BEGIN

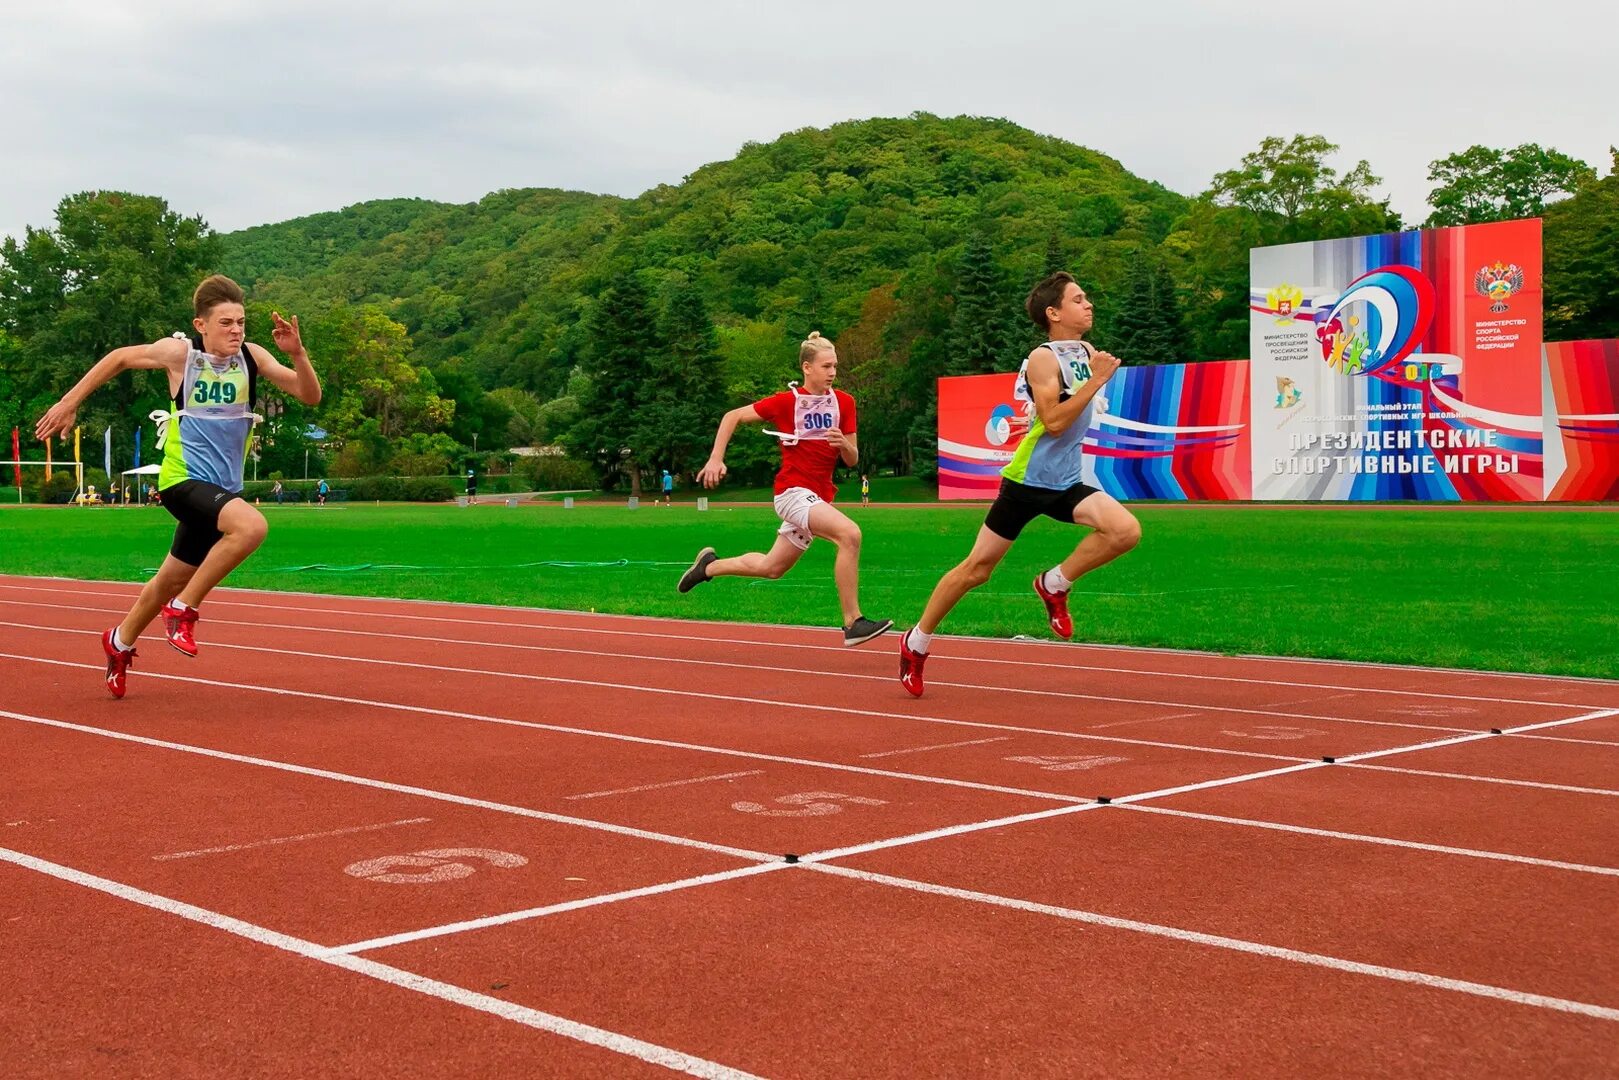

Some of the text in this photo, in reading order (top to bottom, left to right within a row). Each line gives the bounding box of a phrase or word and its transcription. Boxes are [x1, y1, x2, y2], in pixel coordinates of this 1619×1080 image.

[1070, 361, 1091, 381] 34
[1391, 363, 1442, 381] 2018
[194, 380, 236, 404] 349
[804, 412, 832, 429] 306
[1359, 412, 1408, 421] СПОРТИВНЫХ
[1411, 412, 1426, 420] ИГР
[1290, 429, 1497, 451] ПРЕЗИДЕНТСКИЕ
[1272, 454, 1519, 475] СПОРТИВНЫЕ ИГРЫ
[1000, 754, 1132, 771] 4
[731, 791, 890, 818] 5

END

Give the records back exactly. Leave the pictures out.

Answer to the problem:
Some of the text in this photo, in reading order (top to bottom, left to right within a row). Each line gives the bounding box of a phrase or word and its transcription. Boxes are [x1, y1, x2, y2], in pixel coordinates of this 1619×1080 image.

[1070, 361, 1091, 381] 34
[1391, 363, 1442, 381] 2018
[194, 380, 236, 404] 349
[804, 412, 832, 429] 306
[1359, 412, 1408, 421] СПОРТИВНЫХ
[1411, 412, 1426, 420] ИГР
[1290, 429, 1497, 451] ПРЕЗИДЕНТСКИЕ
[1272, 454, 1519, 475] СПОРТИВНЫЕ ИГРЫ
[1000, 754, 1132, 771] 4
[731, 791, 890, 818] 5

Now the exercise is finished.